The fact that people seem to assume a discrepancy exists between digital and physical when it comes to backwards compatibility though highlights the reason why people care about it now — the content tied to their PSN and XBL accounts.

Before, a game console was generally its own self-contained system — you bought physical media for that one machine to play on that one machine. Any kind of persistence between console generations was a luxury, generally only introduced when Sony brought about the idea of “PlayStation” continuing across more than one machine.

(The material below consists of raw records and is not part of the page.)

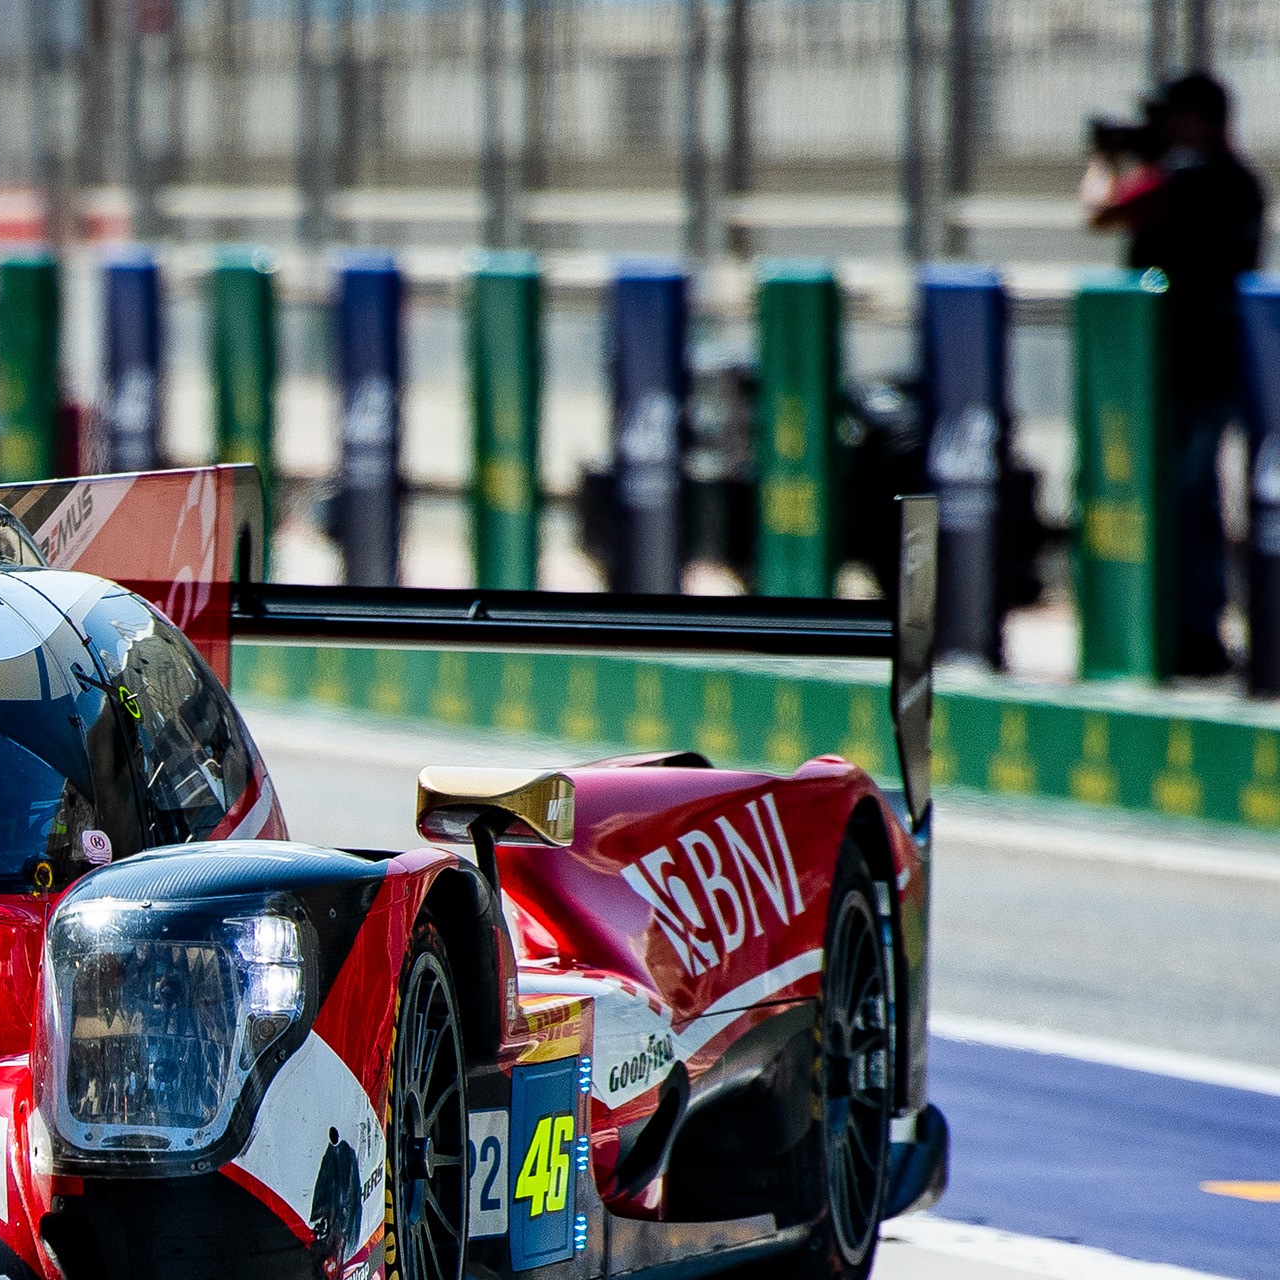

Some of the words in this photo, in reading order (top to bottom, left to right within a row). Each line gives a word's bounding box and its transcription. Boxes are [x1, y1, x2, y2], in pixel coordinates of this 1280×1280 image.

[677, 792, 807, 955] BNI
[609, 1033, 675, 1093] GOODYEAR
[514, 1115, 575, 1217] 46
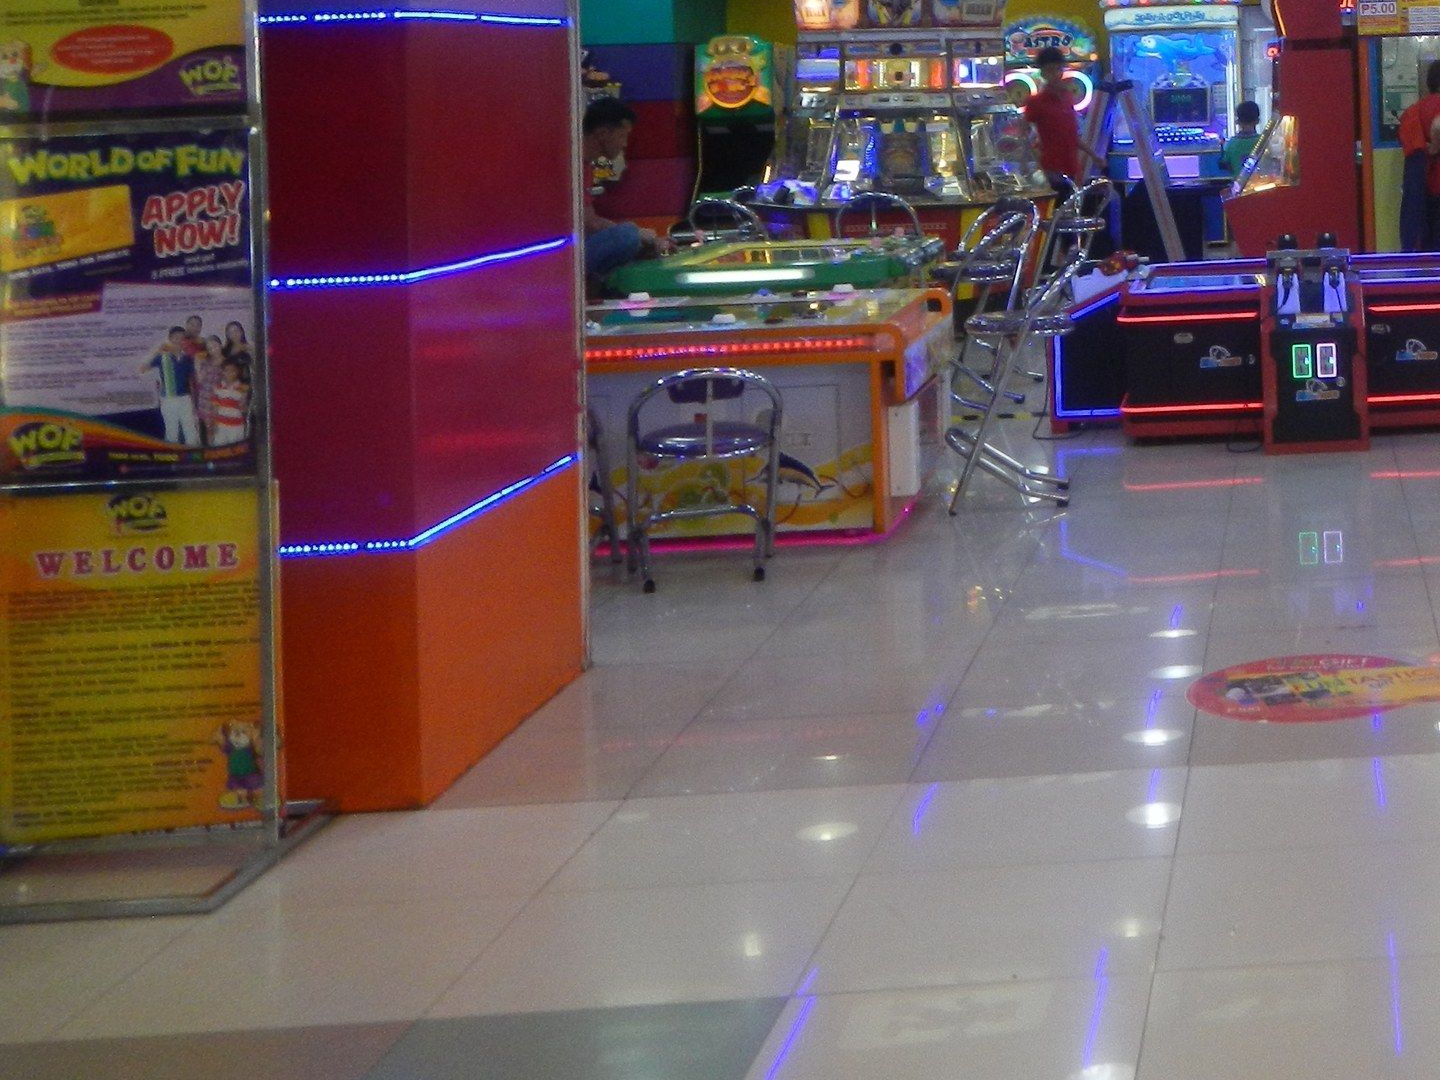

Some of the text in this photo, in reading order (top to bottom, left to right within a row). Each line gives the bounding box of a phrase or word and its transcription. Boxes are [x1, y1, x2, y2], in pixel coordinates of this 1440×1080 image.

[8, 145, 245, 184] WORLD OF FUN
[142, 180, 245, 229] APPLY
[154, 212, 240, 258] NOW!
[9, 423, 83, 456] WOF
[36, 542, 239, 578] WELCOME
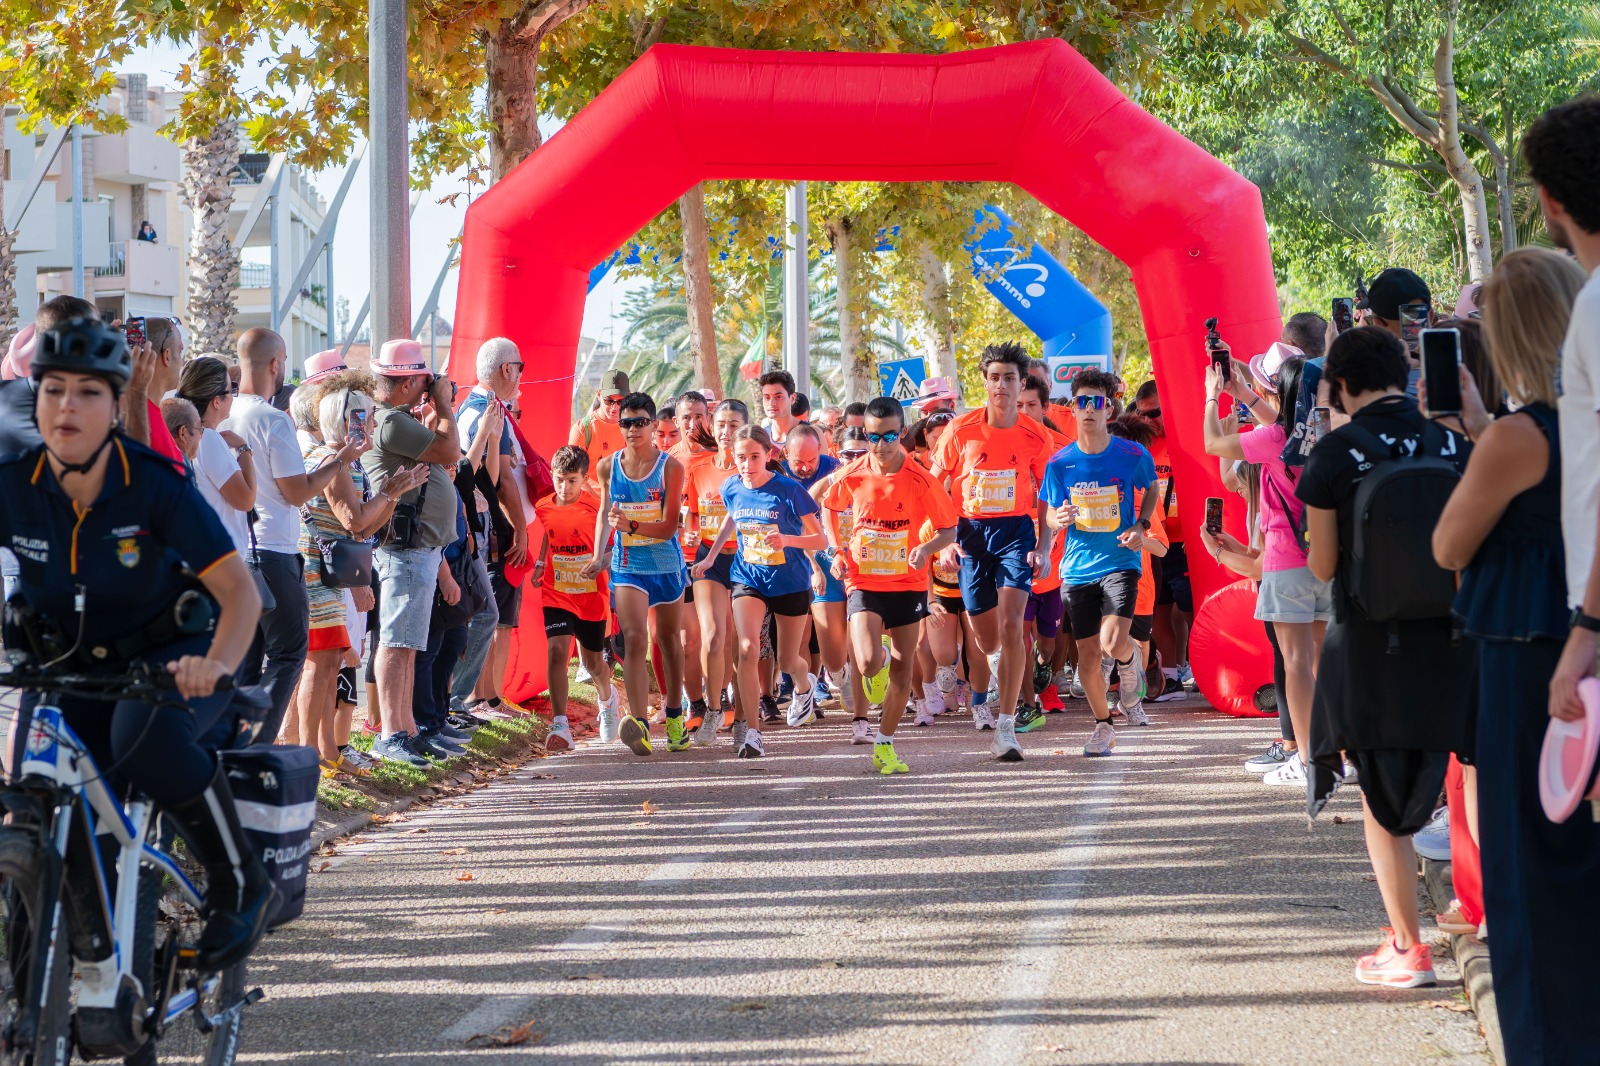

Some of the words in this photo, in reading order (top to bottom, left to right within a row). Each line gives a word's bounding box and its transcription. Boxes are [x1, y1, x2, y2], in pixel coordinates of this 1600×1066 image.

[1056, 366, 1099, 381] CR
[755, 509, 779, 519] ICHNOS
[1080, 505, 1111, 521] 3068
[868, 547, 899, 563] 3024
[561, 571, 587, 584] 302
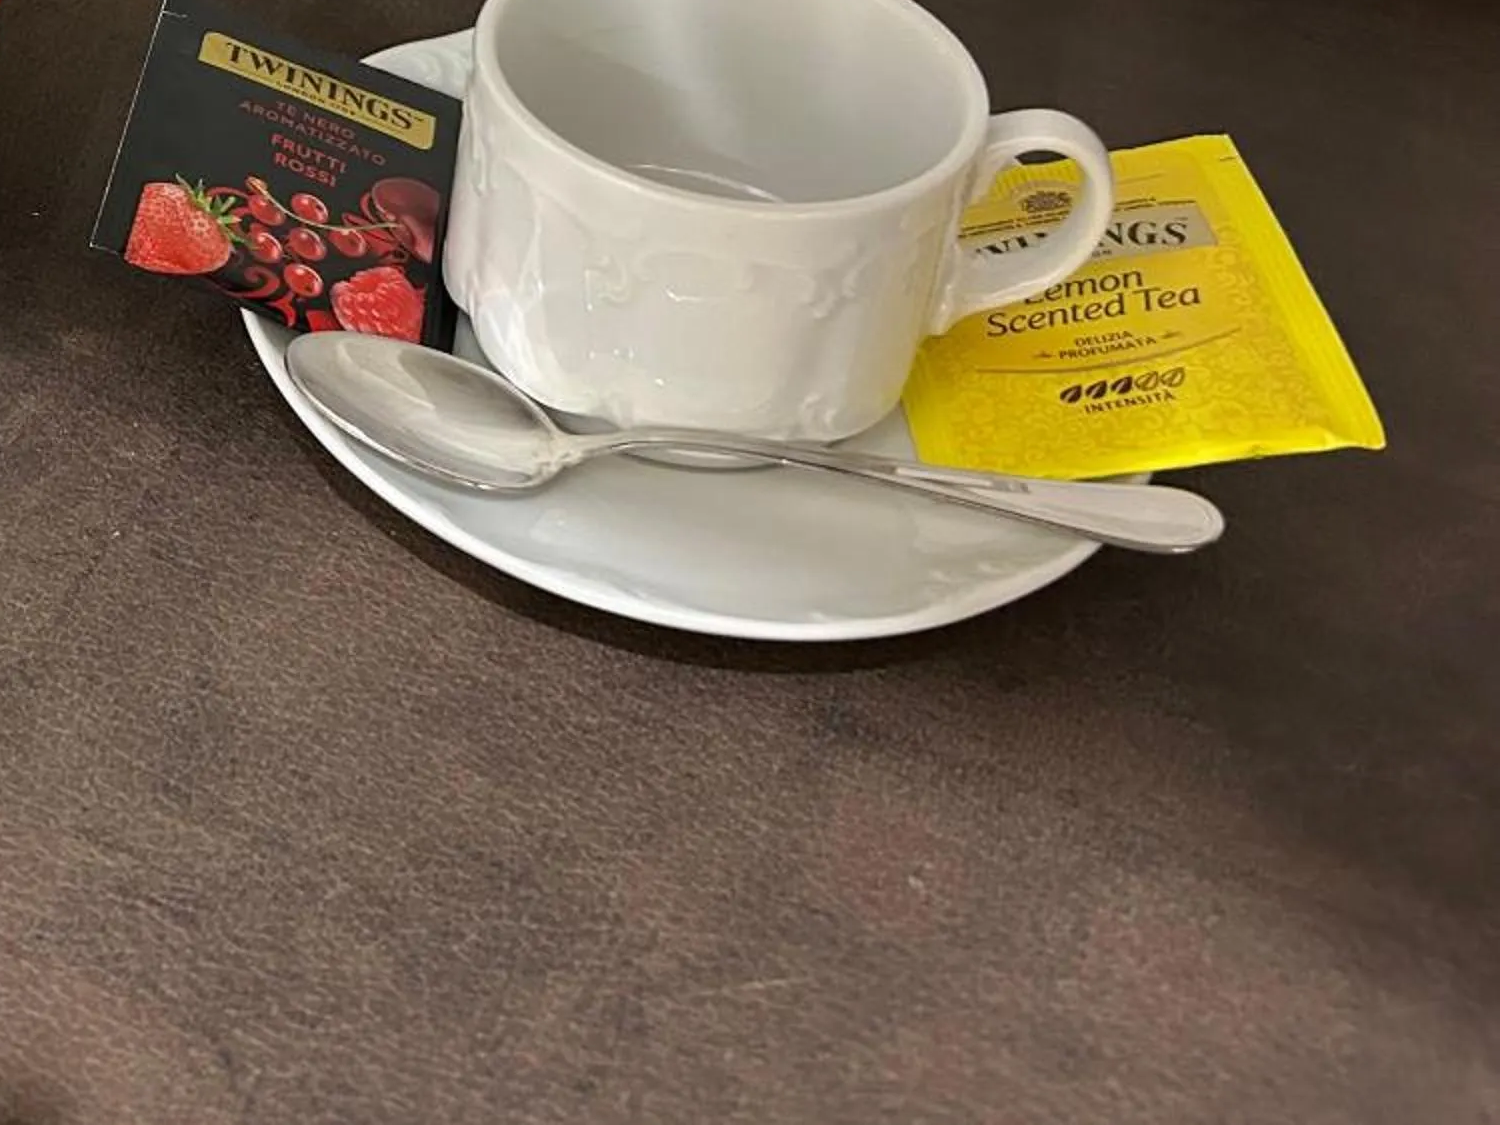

Today, people have online accounts with digital media attached to them. When they buy a new version of the iPad they expect all the software they ran on the old one to transfer right over. What’s gonna happen when people buy the PS4 or new Xbox and find that nothing they bought on XBL or PSN will carry over? Some say it could break consumer confidence in those services.

I personally think that part is important because gaming has become more about services than anything else. People love Xbox primarily because of XBL. I’m stuck on Apple primarily because of all the software and content I have that’s tied to iOS. Having that kind of consistency could only make the next Xbox even more attractive for gamers really attached to their XBL accounts.

Really though, I just value backwards compatibility for two reasons: 1) I think games should be treated as permanent works of media to be remembered and kept available for future generations. 2) I have eight freaking consoles hooked up to my TV right now and I really don’t know where I’d put any new ones.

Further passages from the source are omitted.